» WORK INSTRUCTIONS:
Leave no picture in, and give every entry again exactly.
─── DATASET RECORDS ───
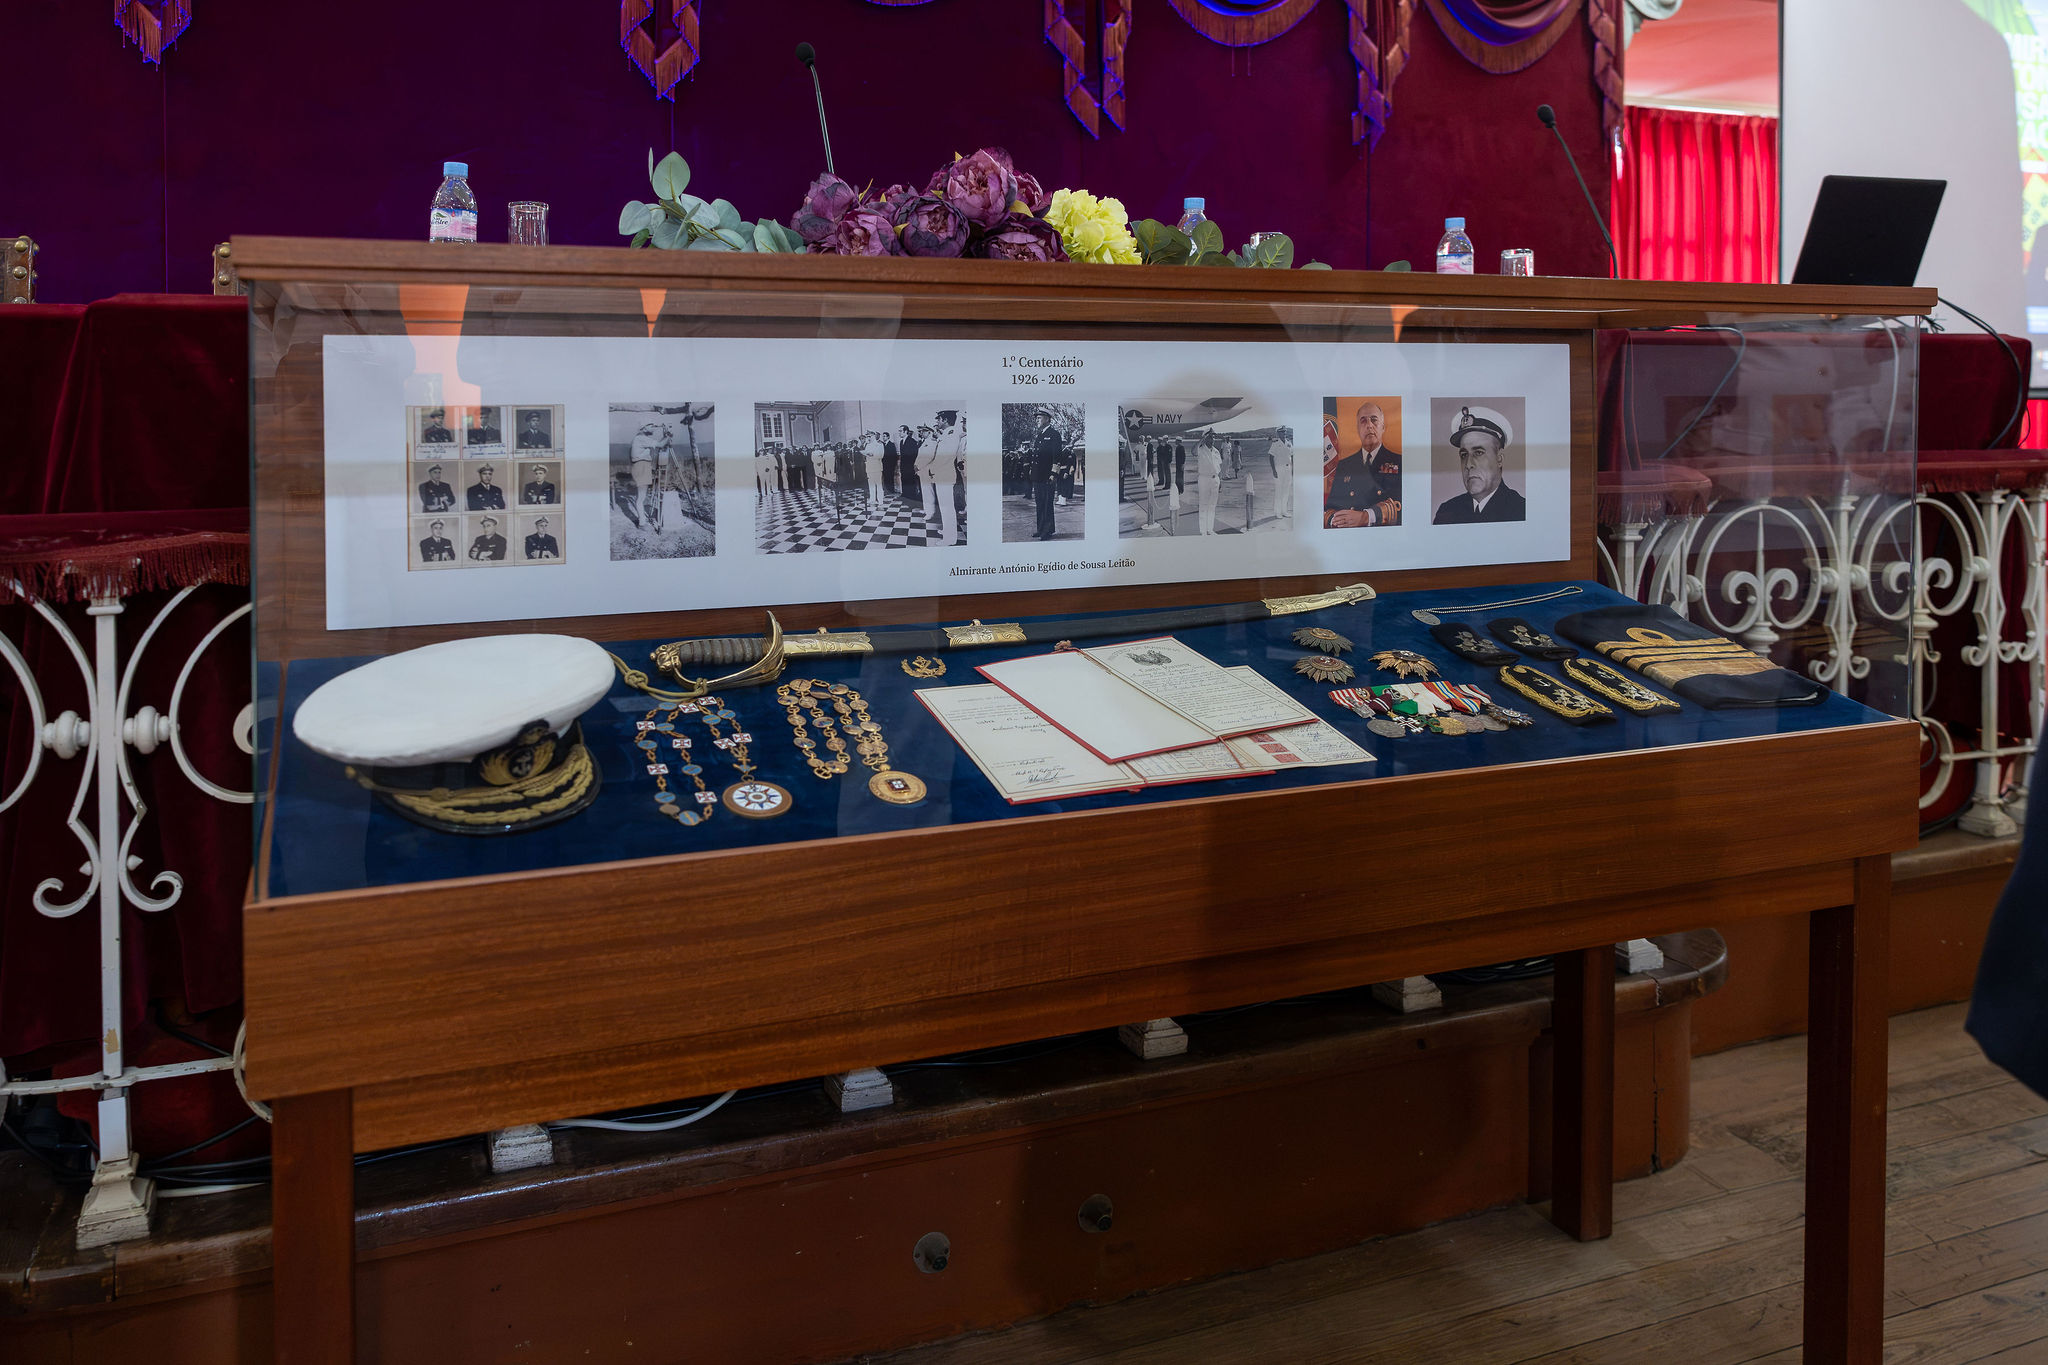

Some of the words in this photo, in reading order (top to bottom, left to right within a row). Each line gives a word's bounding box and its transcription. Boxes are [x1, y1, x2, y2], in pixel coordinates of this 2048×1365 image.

[1018, 356, 1084, 368] Centenário
[1011, 374, 1039, 385] 1926
[1048, 374, 1075, 385] 2026
[1156, 414, 1183, 423] NAVY
[949, 567, 997, 576] Almirante
[998, 563, 1036, 574] António
[1037, 562, 1066, 573] Egídio
[1067, 562, 1079, 570] de
[1080, 561, 1107, 569] Sousa
[1108, 558, 1136, 568] Leitão
───
» ANSWER FOR THIS EXERCISE:
Some of the words in this photo, in reading order (top to bottom, left to right within a row). Each line gives a word's bounding box and its transcription. Boxes are [x1, y1, x2, y2], in pixel coordinates of this 2048×1365 image.

[1018, 356, 1084, 368] Centenário
[1011, 374, 1039, 385] 1926
[1048, 374, 1075, 385] 2026
[1156, 414, 1183, 423] NAVY
[949, 567, 997, 576] Almirante
[998, 563, 1036, 574] António
[1037, 562, 1066, 573] Egídio
[1067, 562, 1079, 570] de
[1080, 561, 1107, 569] Sousa
[1108, 558, 1136, 568] Leitão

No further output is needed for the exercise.